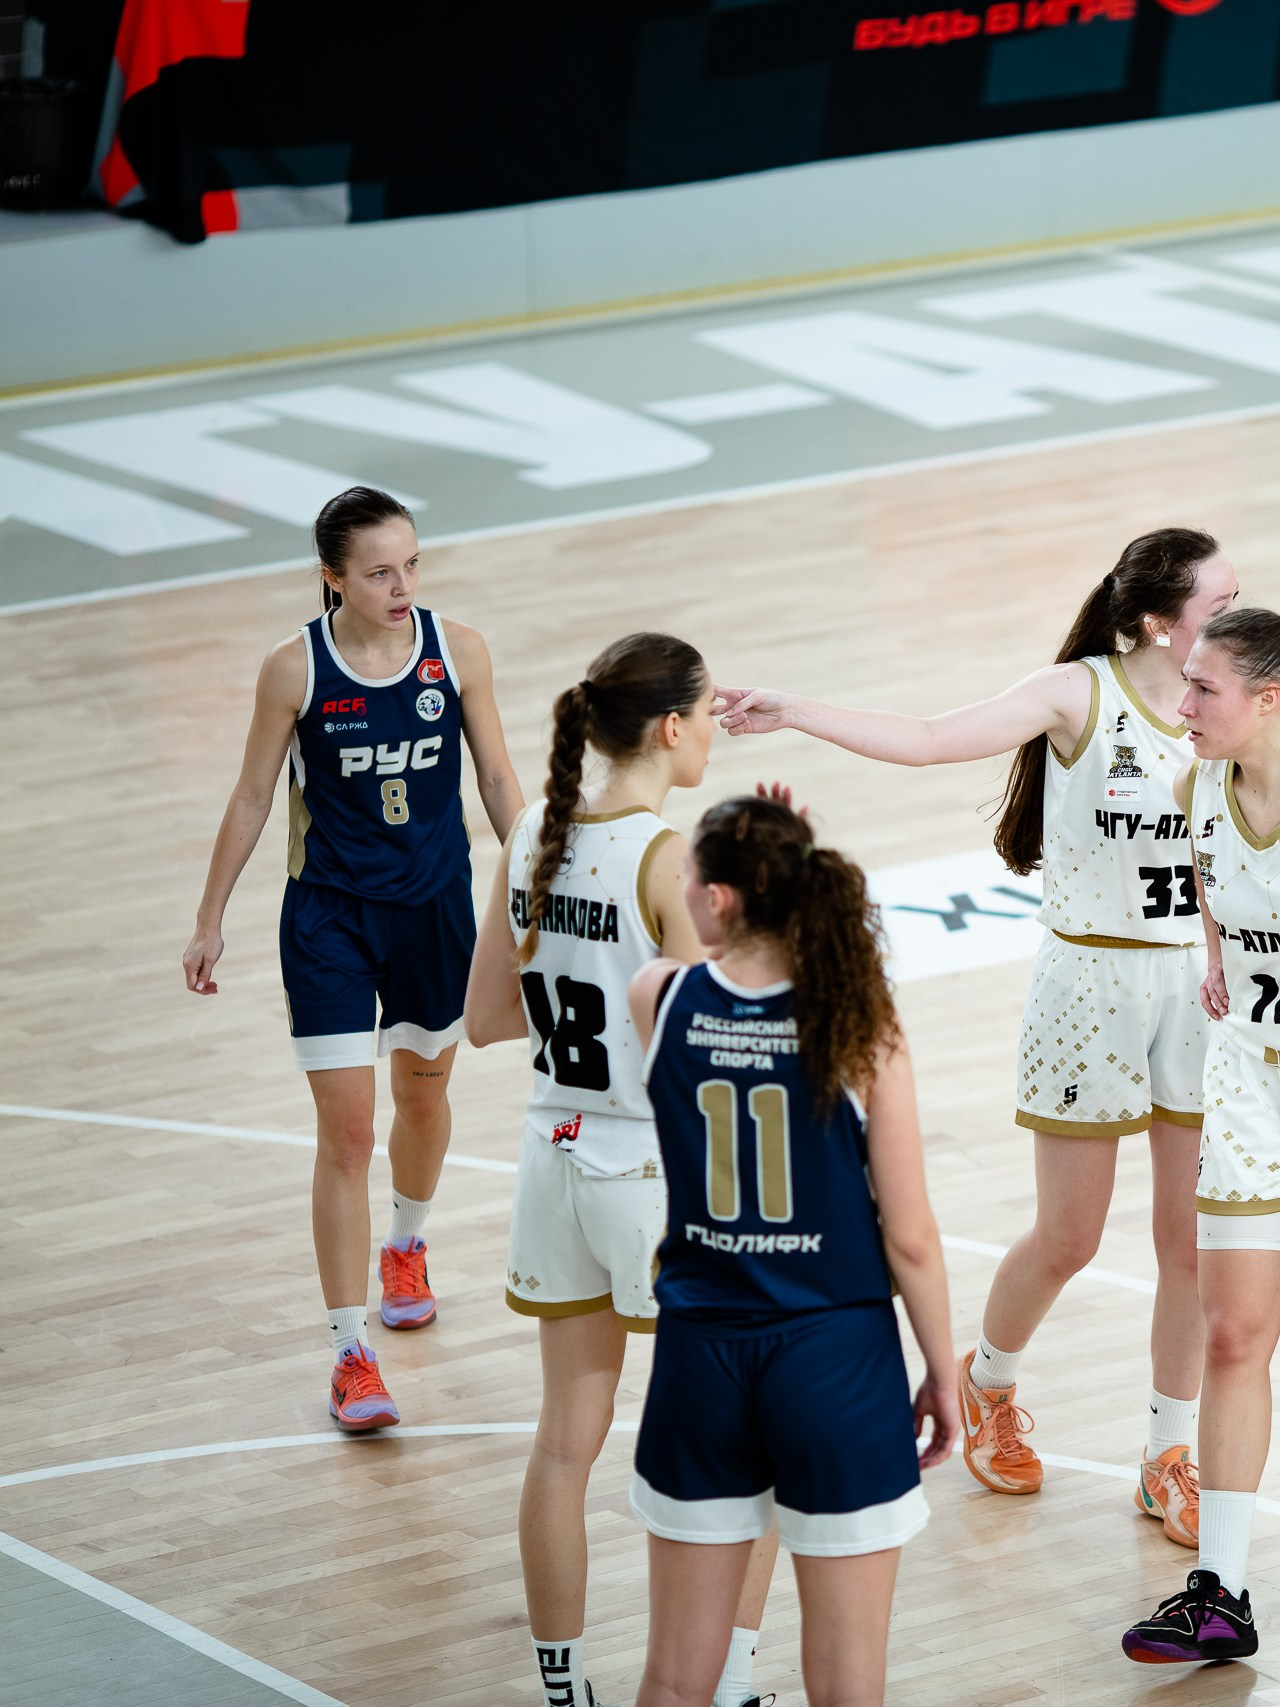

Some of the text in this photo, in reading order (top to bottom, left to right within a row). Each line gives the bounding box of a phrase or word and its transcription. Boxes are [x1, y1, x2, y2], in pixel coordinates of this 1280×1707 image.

[853, 0, 1137, 50] БУДЬ В ИГРЕ
[349, 721, 369, 730] РЖД
[339, 735, 443, 777] РУС
[381, 778, 410, 825] 8
[1138, 864, 1200, 919] 33
[686, 1028, 800, 1054] УНИВЕРСИТЕТ
[692, 1012, 798, 1036] РОССИЙСКИЙ
[710, 1049, 774, 1071] СПОРТА
[697, 1079, 794, 1223] 11
[685, 1223, 823, 1254] ГЦОЛИФК

#### [Aim of the task]
The listing should be transcribed in full, exactly, and without its pictures.

#### [Output of the exercise]
Some of the text in this photo, in reading order (top to bottom, left to right within a row). Each line gives the bounding box of a phrase or word and its transcription. Boxes are [x1, y1, x2, y2], in pixel coordinates of this 1280×1707 image.

[853, 0, 1137, 50] БУДЬ В ИГРЕ
[349, 721, 369, 730] РЖД
[339, 735, 443, 777] РУС
[381, 778, 410, 825] 8
[1138, 864, 1200, 919] 33
[686, 1028, 800, 1054] УНИВЕРСИТЕТ
[692, 1012, 798, 1036] РОССИЙСКИЙ
[710, 1049, 774, 1071] СПОРТА
[697, 1079, 794, 1223] 11
[685, 1223, 823, 1254] ГЦОЛИФК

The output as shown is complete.